The named capture groups proposal adds support for named backreferences, which refer back to named groups.

function hasSameUserAndPassword(input) {
  const rduplicate = /(?<user>[^:]+):\k<user>/u
  return rduplicate.exec(input) !== null
}
hasSameUserAndPassword('root:root') // <- true
hasSameUserAndPassword('root:pF6GGlyPhoy1!9i') // <- false

The \k<groupName> reference can be used in tandem with numbered references, but the latter are better avoided when already using named references.

Lastly, named groups can be referenced from the replacement passed to String#replace. In the next code snippet we use String#replace and named groups to change an American date string to use Hungarian formatting.
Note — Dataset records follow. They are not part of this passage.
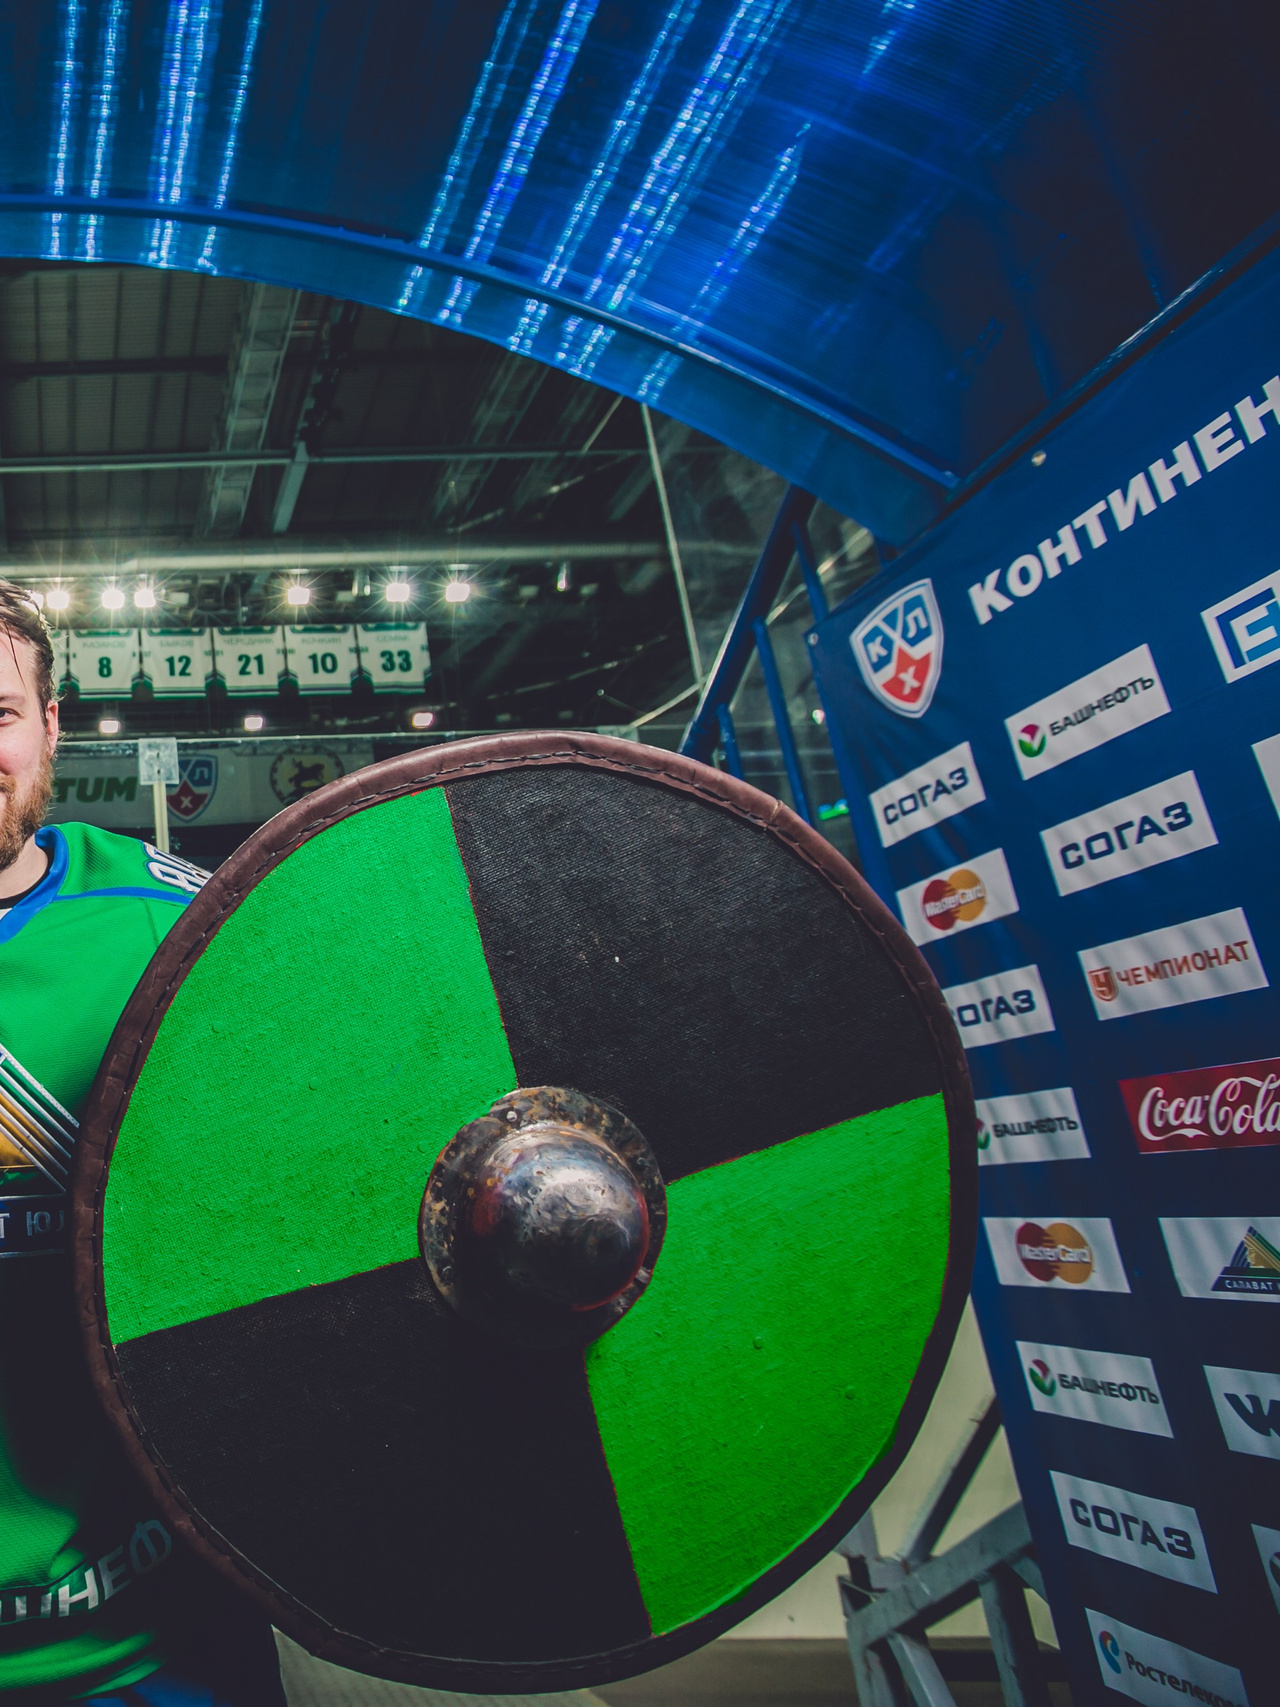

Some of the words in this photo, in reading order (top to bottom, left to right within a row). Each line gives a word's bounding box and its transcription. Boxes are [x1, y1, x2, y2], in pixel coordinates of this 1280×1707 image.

[98, 656, 112, 678] 8
[165, 655, 192, 676] 12
[238, 654, 264, 675] 21
[308, 652, 338, 674] 10
[380, 650, 412, 672] 33
[1049, 676, 1155, 737] БАШНЕФТЬ
[54, 776, 139, 802] TUM
[882, 765, 970, 826] СОГАЗ
[1058, 800, 1194, 870] СОГАЗ
[924, 884, 986, 917] MasterCard
[1116, 940, 1249, 988] ЧЕМПИОНАТ
[951, 989, 1036, 1027] ОГАЗ
[1138, 1073, 1280, 1138] Coca-Cola
[993, 1116, 1078, 1138] БАШНЕФТЬ
[1018, 1244, 1091, 1263] MasterCard
[1225, 1280, 1273, 1291] САЛАВАТ
[1059, 1372, 1160, 1405] БАШНЕФТЬ
[1069, 1497, 1196, 1561] СОГАЗ
[1125, 1651, 1244, 1707] Ростелеко
function americanDateToHungarianFormat(input) {
  const ramerican = /(?<month>\d{2})\/(?<day>\d{2})\/(?<year>\d{4})/u
  const hungarian = input.replace(ramerican, '$<year>-$<month>-$<day>')
  return hungarian
}
americanDateToHungarianFormat('06/09/1988') // <- '1988-09-06'

If the second argument to String#replace is a function, then the named groups can be accessed via a new parameter called groups that is at the end of the parameter list. The signature for that function now is (match, ...captures, groups). In the following example, note how we’re using a template literal that’s similar to the replacement string found in the last example. The fact that replacement strings follow a $<groupName> syntax as opposed to a ${groupName} syntax means we can name groups in replacement strings without having to resort to escape codes if we were using template literals.
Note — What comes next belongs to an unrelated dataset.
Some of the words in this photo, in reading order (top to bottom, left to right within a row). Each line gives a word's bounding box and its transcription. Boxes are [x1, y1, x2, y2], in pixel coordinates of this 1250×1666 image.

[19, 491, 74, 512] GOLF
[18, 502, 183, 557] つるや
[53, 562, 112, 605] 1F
function americanDateToHungarianFormat(input) {
  const ramerican = /(?<month>\d{2})\/(?<day>\d{2})\/(?<year>\d{4})/u
  const hungarian = input.replace(ramerican, (match, capture1, capture2, capture3, groups) => {
    const { month, day, year } = groups
    return `${ year }-${ month }-${ day }`
  })
  return hungarian
}
americanDateToHungarianFormat('06/09/1988') // <- '1988-09-06'

Unicode Property Escapes

The proposed Unicode property escapes (currently in stage 3) are a new kind of escape sequence that’s available in regular expressions marked with the u flag. This proposal adds a escape in the form of \p{LoneUnicodePropertyNameOrValue} for binary Unicode properties and \p{UnicodePropertyName=UnicodePropertyValue} for non-binary Unicode properties. In addition, \P is the negated version of a \p escape sequence.
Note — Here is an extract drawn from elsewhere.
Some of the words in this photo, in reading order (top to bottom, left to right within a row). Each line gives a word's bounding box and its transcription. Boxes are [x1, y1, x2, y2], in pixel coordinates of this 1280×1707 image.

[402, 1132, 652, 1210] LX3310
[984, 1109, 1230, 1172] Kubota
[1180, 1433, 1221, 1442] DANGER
The Unicode standard defines properties for every symbol. Armed with these properties, one may make advanced queries about Unicode characters. For example, symbols in the greek alphabet have a Script property set to Greek. We could use the new escapes to match any greek Unicode symbol.

function isGreekSymbol(input) {
  const rgreek = /^\p{Script=Greek}$/u
  return rgreek.test(input)
}
isGreekSymbol('π')
// <- true

Or, using \P, we could match non-greek Unicode symbols.

function isNonGreekSymbol(input) {
  const rgreek = /^\P{Script=Greek}$/u
  return rgreek.test(input)
}
isNonGreekSymbol('π')
// <- false

When we need to match every Unicode decimal number symbol, and not just [0-9] like \d does, we could use \p{Decimal_Number} as shown next.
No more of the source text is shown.